In a meta-analysis of 40 studies, the intrauterine pregnancy rate after tubal conservation was 46% compared to 44% after tubal excision [21]. The repeat ectopic rate was 15% and 10% respectively. Similarly in an important meta-analysis of nine good quality comparative studies Yao and Tulandi [12] reported no significant difference in the intrauterine pregnancies between salpingostomy and salpingectomy (53% v 49.3%). However, when these studies were diluted with other non comparative studies, 61.2% patients had intrauterine pregnancies after salpingostomy compared with only 38.1% after salpingectomy. Detailed comparison using such disparate data is not meaningful but Yao and Tulandi were able to conclude that tubal conservation may be associated with a subsequent intrauterine pregnancy rate that is at least comparable to that obtained after complete removal of the tube. The recurrent ectopic pregnancy rate was, however, higher in these studies after salpingostomy (15%) than after salpingectomy (10%). Failure to completely remove the ectopic occurred in 4.8%-11% of salpingostomy cases [22, 23, 24]. In contrast, almost no cases of persistence follow salpingectomy [25, 26].

A single randomised trial investigated the effect of suturing the salpingostomy incision [27]. The intrauterine pregnancy rate at 12 months was higher in those without surgical repair but by 24 months the rates with or without suture were similar and it is concluded that suturing the tube after salpingostomy provides no benefit.

It is recommended that in the future all medical, nursing and support staff should be fully trained to safely undertake both the open and laparoscopic management of ectopic pregnancy. Surgeons must be experienced in operative laparoscopic techniques including the safe use of mono and bi-polar diathermy. They should also be supported with sufficient modern equipment to facilitate safe surgery.

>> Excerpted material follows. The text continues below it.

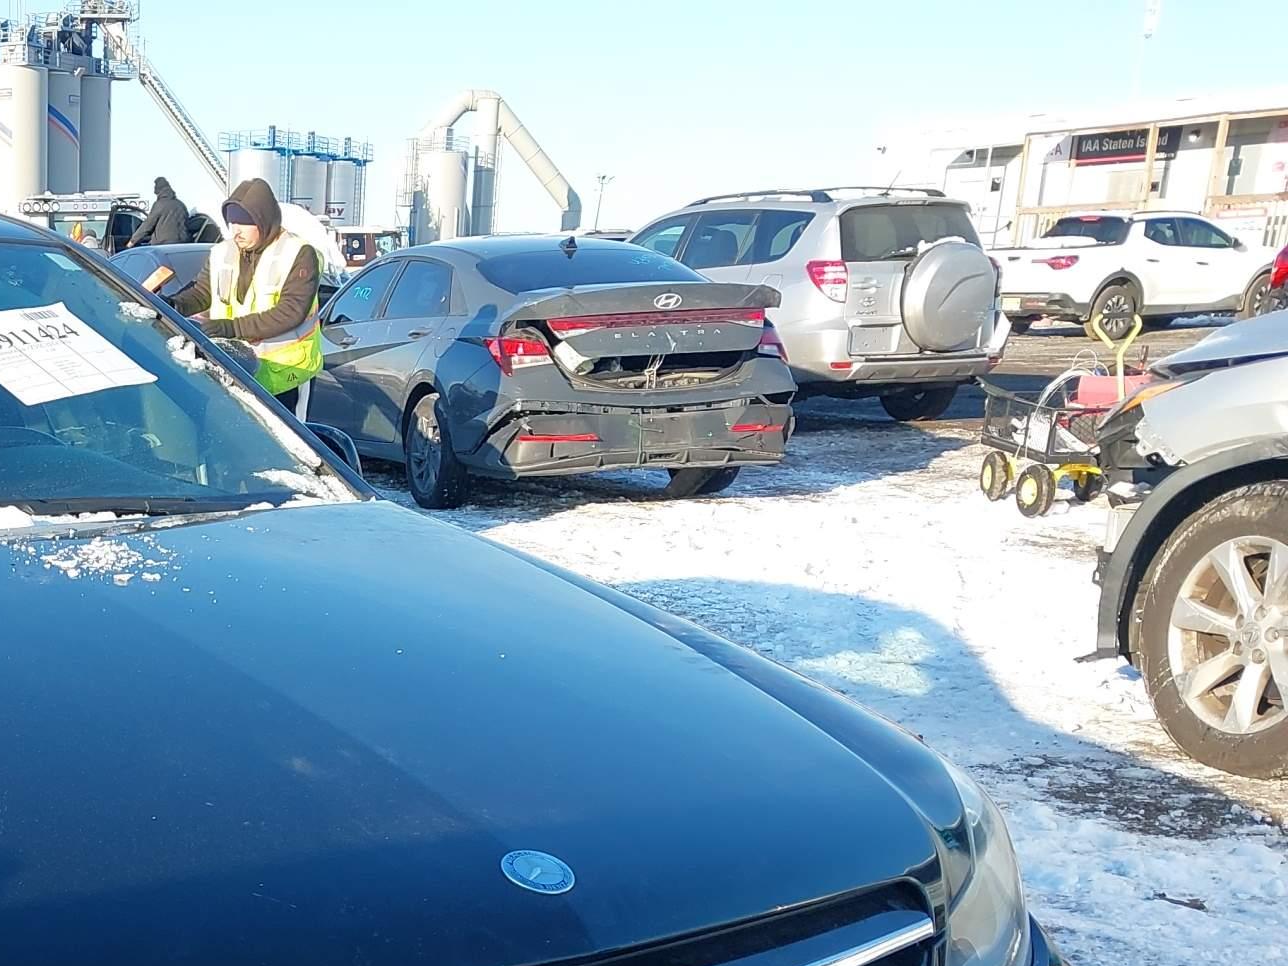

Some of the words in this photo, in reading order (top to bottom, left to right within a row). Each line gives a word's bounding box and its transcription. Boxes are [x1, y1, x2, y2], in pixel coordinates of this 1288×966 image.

[1081, 139, 1100, 152] IAA
[1102, 137, 1135, 151] Staten
[1136, 132, 1169, 148] Isld
[614, 328, 721, 339] ELATRA

From literature we know that laparoscopic surgery is a more cost-effective approach. An average savings of approximately US$1,200 - 1,500 for each patient can be obtained, because it significantly reduces the length of hospital stay.

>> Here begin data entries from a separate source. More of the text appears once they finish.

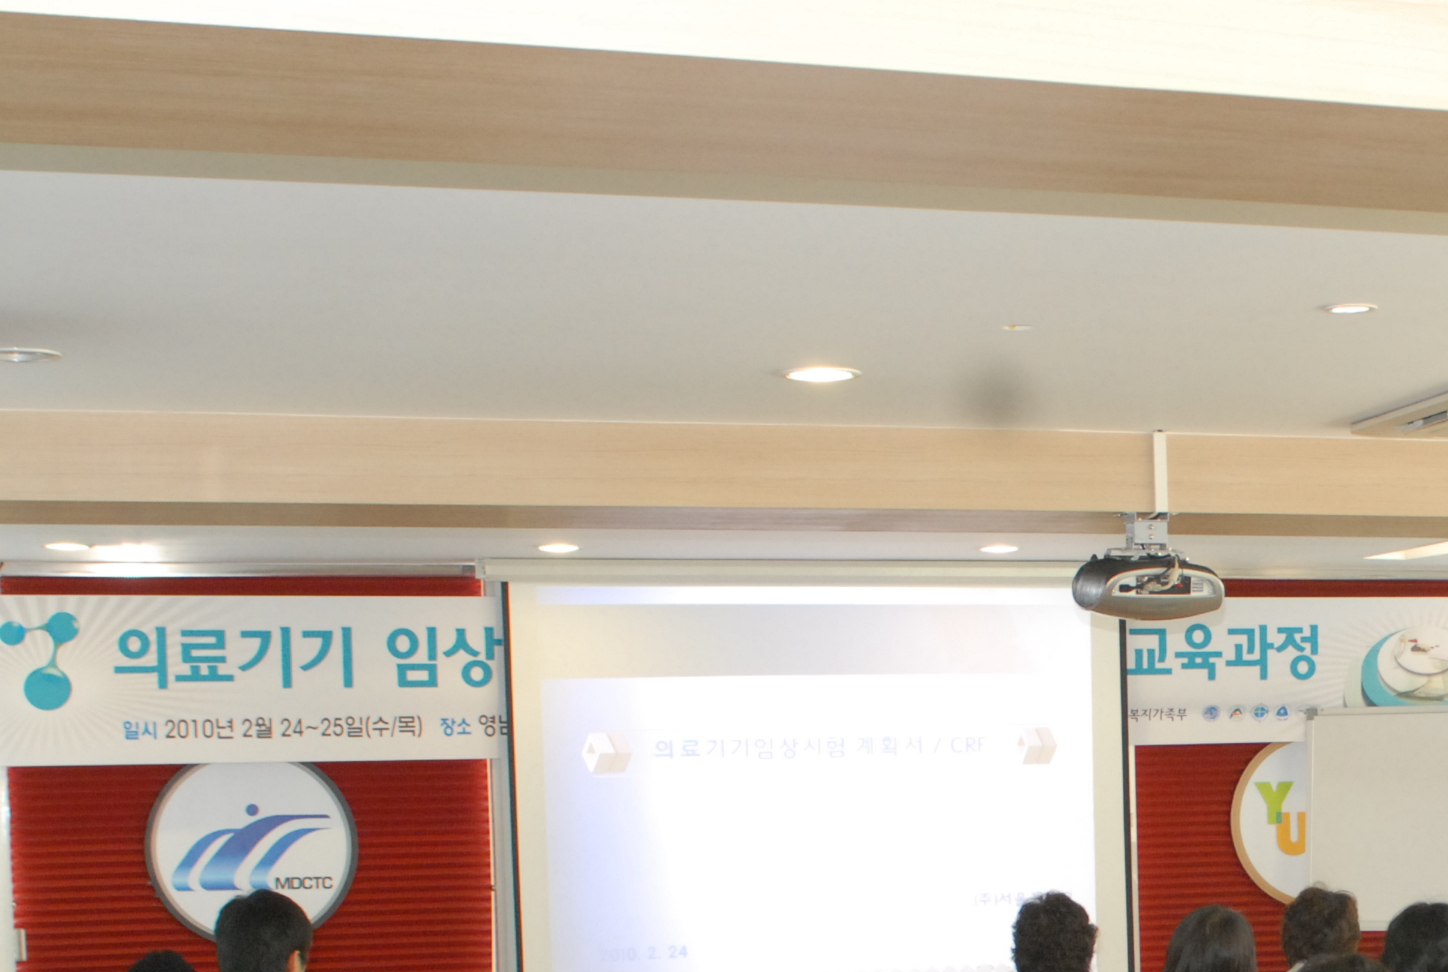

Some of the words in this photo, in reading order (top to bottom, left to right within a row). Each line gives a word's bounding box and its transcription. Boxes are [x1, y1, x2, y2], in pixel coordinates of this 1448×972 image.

[113, 626, 353, 689] 의료기기
[386, 626, 503, 688] 임상
[1127, 623, 1318, 680] 교육과정
[122, 720, 157, 740] 일시
[164, 718, 235, 739] 2010년
[242, 717, 273, 739] 2월
[280, 715, 423, 738] 24~25일(수/목)
[440, 718, 472, 737] 장소
[950, 736, 986, 753] CRF
[275, 876, 334, 889] MDCTC
[668, 945, 688, 959] 24

However, the capital cost of installation of an endoscopic setup is high. In developed countries, more than 80% of ectopic pregnancies are generally treated laparoscopically. The laparoscopic approach is now the gold standard for treatment of ectopic pregnancy. We believe that conventional laparotomy will eventually be replaced by laparoscopic approach for almost all cases of ectopic pregnancies.